Daily Rambam · Expert – Beit Midrash Analysis · Bite-Sized

Mishneh Torah, Eruvin 4

Bite-SizedExpert – Beit Midrash AnalysisJune 24, 2026

Sugya Map: The Ontology of "Residence"

  • Core Issue: What constitutes a "dwelling" (dirah) vs. mere storage or transit space?
  • Nafka Mina: Whether a person’s presence in a courtyard triggers the prohibition of carrying (osir) or necessitates an eruv.
  • Primary Sources: Eruvin 73a, Eruvin 75b, Mishneh Torah, Hilchot Eruvin 4:1-13.

Text Snapshot

Rambam, Eruvin 4:9: "Possession of a place to sleep, by contrast, does not cause carrying to be forbidden."

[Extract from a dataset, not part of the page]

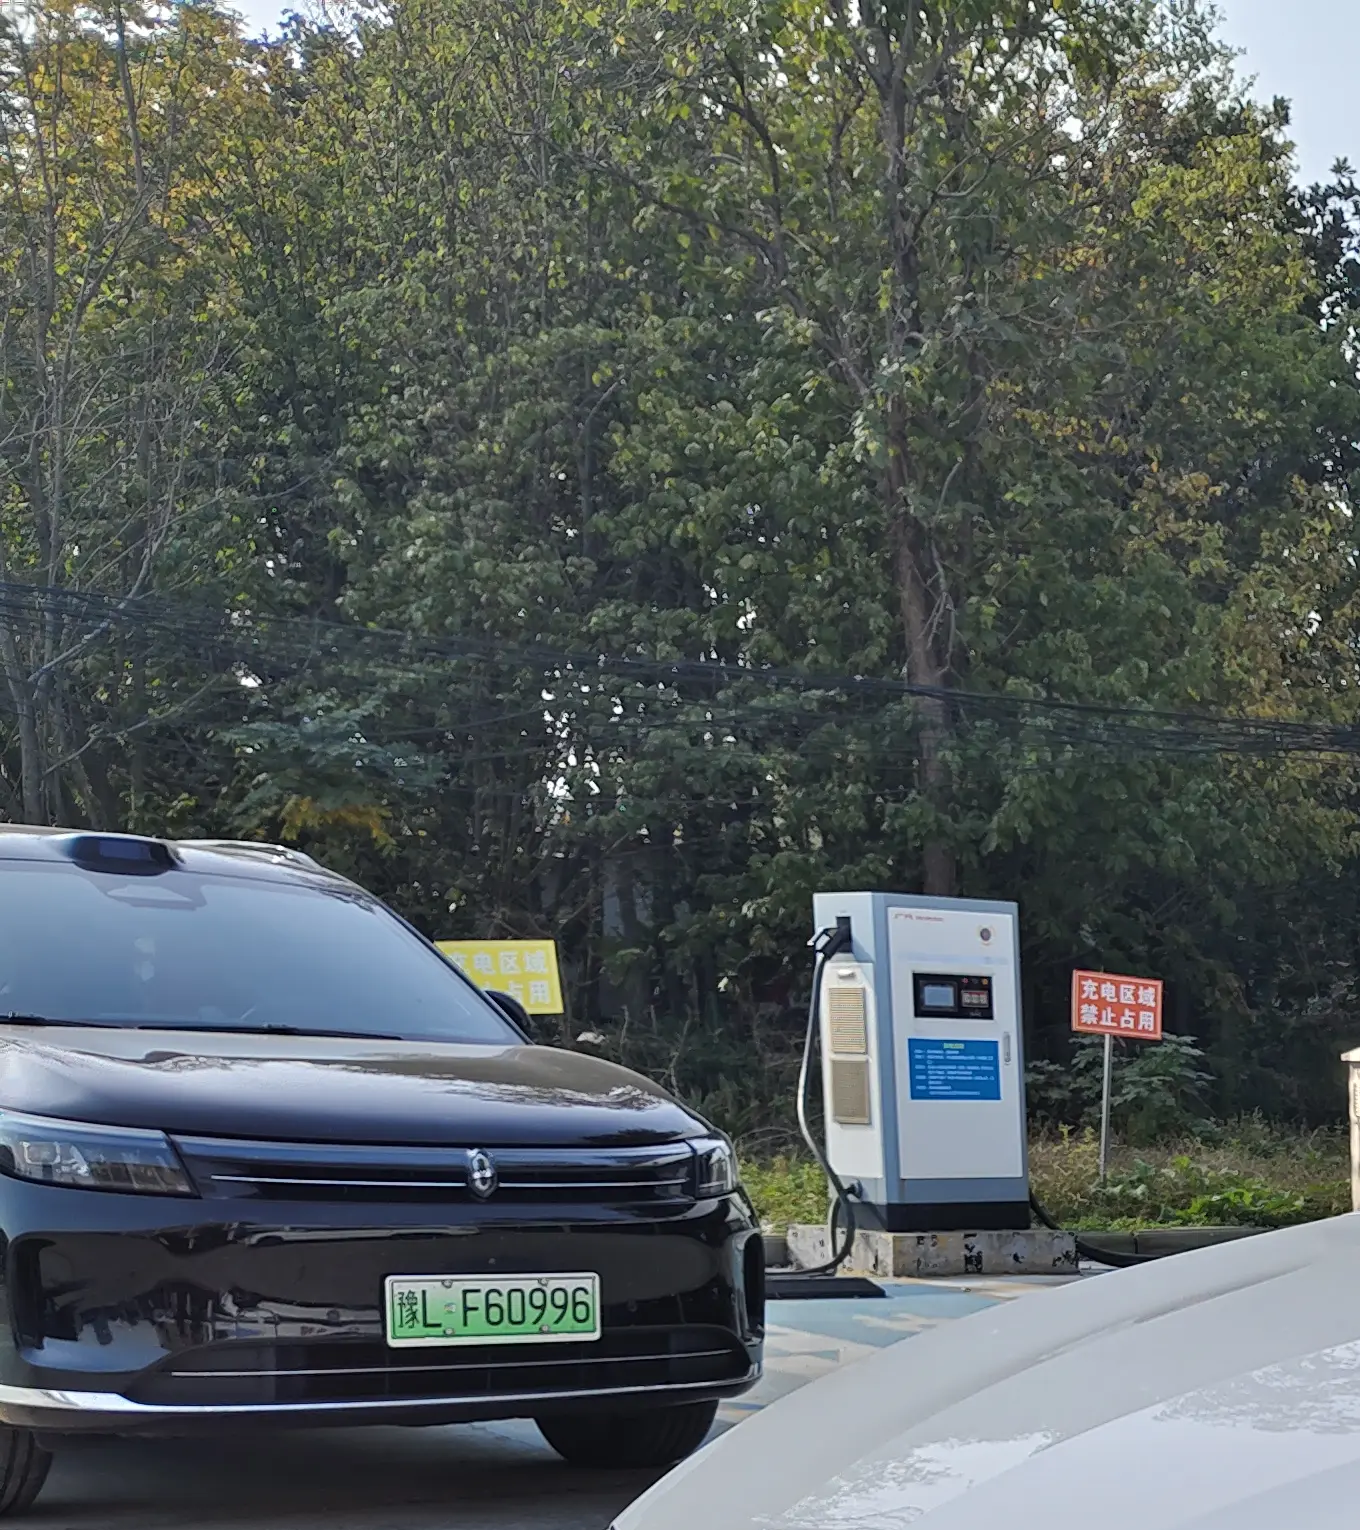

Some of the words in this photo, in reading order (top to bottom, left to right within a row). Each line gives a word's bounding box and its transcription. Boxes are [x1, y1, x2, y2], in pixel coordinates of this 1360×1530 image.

  • Nuance: The dikduk here is critical. Rambam distinguishes between dirah (dwelling) and mishkav (sleeping). Halachic residency is defined by the shulchan (table/eating), not the mitah (bed).

Readings

  1. Kessef Mishneh (ad loc): Clarifies that "eating at the same table" is not a physical requirement but a status of a shared household. If people eat in the same room, even at separate tables, they are halachically unified.
  2. Ra'avad (ad loc 4:10): Disputes Rambam’s interpretation of mekablei pras (hired workers/dependents). While Rambam views their status as fluid, the Ra'avad insists on stricter parameters, emphasizing the permanence of the living arrangement over the transactional nature of the food.

Friction

  • Kushya: If the eruv is fundamentally a tool to create a "single household" (reshut achat), why does the eruv not retrospectively transform all participants into a single, unified entity for all halachic purposes?
  • Terutz: Rambam (4:4) clarifies that the eruv creates a legal fiction of unity. It overrides the spatial reality of separate dwellings but does not dismantle the underlying individual ownership unless the act of "collecting" the eruv (4:5) explicitly merges their intent into a communal unit.

Intertext

  • SA, Orach Chayim 370:1: Extends this to modern storage structures; if a space is not fit for eating, it is not a dirah, regardless of who owns it.
  • Eruvin 73a: The Gemara’s foundational discussion on those who "eat at the master's table" serves as the blueprint for Rambam’s transactional definition of a household.

Psak/Practice

The psak follows the Rambam’s "functionalist" approach: Residency is determined by where one eats. In modern settings (e.g., dormitory living or hotel stays), if individuals eat in a common hall, they are a single household. If they eat privately, they are separate, and the courtyard requires a formal eruv to permit carrying.

Takeaway

Halacha prioritizes the table over the bed. We are defined by where we sustain ourselves, not where we rest.